Britain will abstain from the United Nations vote on the Palestinian bid for statehood, Foreign Secretary William Hague told Parliament Wednesday.
For the quest for full recognition to be adopted by the Security Council, the Palestinians need at least nine "yes" votes and must avoid a veto by any of the permanent council members: United States, Russia, China, Britain and France. The U.S. already has announced it will veto the resolution.
So far, according to diplomats, the Palestinians have six "yes" votes lined up with two more "yes" votes likely, based on statements made at an admissions committee meeting last week.
Hague said Britain thinks Palestine "largely fulfills" the criteria, but that the best way forward is through successful negotiations with Israel.
"For these reasons in common with France and in consultation with our European partners, the United Kingdom will abstain on any vote on full Palestinian membership of the UN," he said.

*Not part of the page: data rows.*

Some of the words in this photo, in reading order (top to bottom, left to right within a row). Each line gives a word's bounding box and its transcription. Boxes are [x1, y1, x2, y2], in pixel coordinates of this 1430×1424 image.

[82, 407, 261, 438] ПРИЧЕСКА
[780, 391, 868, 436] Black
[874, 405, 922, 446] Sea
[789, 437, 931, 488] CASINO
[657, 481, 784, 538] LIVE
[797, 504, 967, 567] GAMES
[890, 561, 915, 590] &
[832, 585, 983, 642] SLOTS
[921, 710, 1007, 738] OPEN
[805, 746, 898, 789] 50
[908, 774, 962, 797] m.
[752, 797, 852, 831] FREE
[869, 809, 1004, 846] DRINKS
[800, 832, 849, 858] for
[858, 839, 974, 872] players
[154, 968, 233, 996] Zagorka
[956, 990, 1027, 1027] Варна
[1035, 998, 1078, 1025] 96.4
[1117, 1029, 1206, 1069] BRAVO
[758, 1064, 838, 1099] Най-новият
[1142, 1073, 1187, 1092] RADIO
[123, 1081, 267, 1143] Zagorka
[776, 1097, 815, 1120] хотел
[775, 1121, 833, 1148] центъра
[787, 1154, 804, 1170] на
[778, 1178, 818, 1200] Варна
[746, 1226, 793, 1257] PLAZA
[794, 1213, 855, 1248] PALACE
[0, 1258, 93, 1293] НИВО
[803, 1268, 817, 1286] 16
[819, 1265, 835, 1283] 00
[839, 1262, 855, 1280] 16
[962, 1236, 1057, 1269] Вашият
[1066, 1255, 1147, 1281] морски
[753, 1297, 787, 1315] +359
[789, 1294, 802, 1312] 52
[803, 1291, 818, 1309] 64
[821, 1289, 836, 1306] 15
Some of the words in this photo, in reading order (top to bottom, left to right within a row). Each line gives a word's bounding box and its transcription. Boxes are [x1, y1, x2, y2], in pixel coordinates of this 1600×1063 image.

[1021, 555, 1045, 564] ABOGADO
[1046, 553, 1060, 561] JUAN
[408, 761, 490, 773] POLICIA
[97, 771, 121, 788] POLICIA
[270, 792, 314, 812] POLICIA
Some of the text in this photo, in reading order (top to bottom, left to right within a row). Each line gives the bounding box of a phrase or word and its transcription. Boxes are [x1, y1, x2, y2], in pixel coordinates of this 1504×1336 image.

The announcement drew criticism from former Foreign Secretary Jack Straw _ who urged him to reconsider and back the Palestinian bid _ and from former Liberal Democrat leader Menzies Campbell, who said the decision "is ultimately against British interests and will reduce our influence in the region."
Hague said Britain still plans to help the Palestinians build a state and will work to help alleviate poverty and strengthen institutions in the West Bank and Gaza Strip.
He urged Israel to resume face-to-face talks with the Palestinians and to drop settlement expansion plans.
"In our view, the parameters for a Palestinian State are those affirmed by the European Union as a whole: borders based on 1967 lines with equivalent land swaps; a just, fair and realistic solution for refugees; and agreement on Jerusalem as the future capital of both states," he said.
Hague said he informed Parliament of the government's plans because a vote on the matter will likely be held soon now that the Admissions Committee of the Security Council is close to producing its report on whether Palestine meets the U.N.'s requirements for membership.
When the 15 council members, which comprise the admissions committee, met last Thursday, diplomats said China, Russia, Brazil, India, South Africa and Lebanon had announced their support for Palestinian membership. They said Nigeria and Gabon will likely vote "yes."
France, Britain and Colombia indicated they would abstain and the United States said it would oppose the Palestinian bid, diplomats said.
Nigeria, Gabon, Germany and Portugal didn't announce a final position, and Germany and Portugal indicated they will abstain or vote "no."
Bosnia has said it is unable to make a statement because its three-member presidency is split on the issue which means it will most likely abstain, diplomats said.